Annotated photo localization data

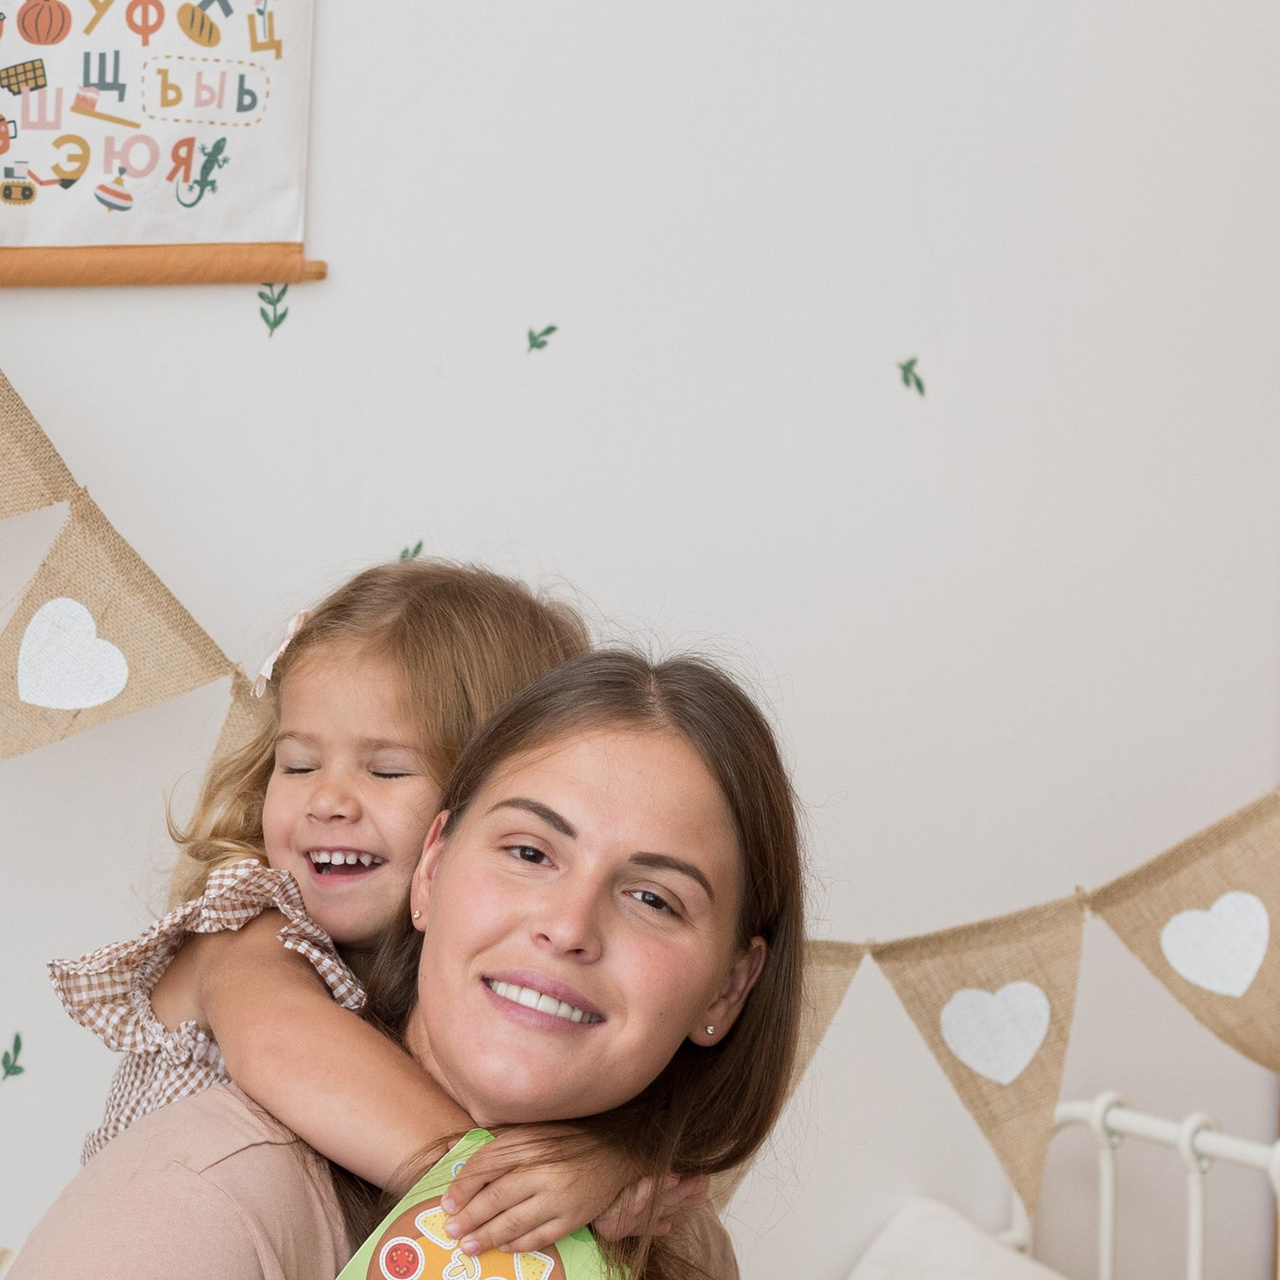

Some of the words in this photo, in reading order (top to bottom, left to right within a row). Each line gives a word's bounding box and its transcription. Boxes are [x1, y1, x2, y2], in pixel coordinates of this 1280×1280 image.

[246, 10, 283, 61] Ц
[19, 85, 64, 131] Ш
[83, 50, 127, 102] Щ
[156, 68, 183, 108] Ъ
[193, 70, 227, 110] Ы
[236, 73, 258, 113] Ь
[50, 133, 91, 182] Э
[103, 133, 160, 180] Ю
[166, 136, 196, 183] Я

WHAT YOU ARE ASKED TO DO:
Should a record include a picture, drop the picture and write out the remainder exactly.

PROBLEM SOLUTION:
Some of the words in this photo, in reading order (top to bottom, left to right within a row). Each line gives a word's bounding box and its transcription. Boxes are [x1, y1, x2, y2], in pixel coordinates of this 1280×1280 image.

[246, 10, 283, 61] Ц
[19, 85, 64, 131] Ш
[83, 50, 127, 102] Щ
[156, 68, 183, 108] Ъ
[193, 70, 227, 110] Ы
[236, 73, 258, 113] Ь
[50, 133, 91, 182] Э
[103, 133, 160, 180] Ю
[166, 136, 196, 183] Я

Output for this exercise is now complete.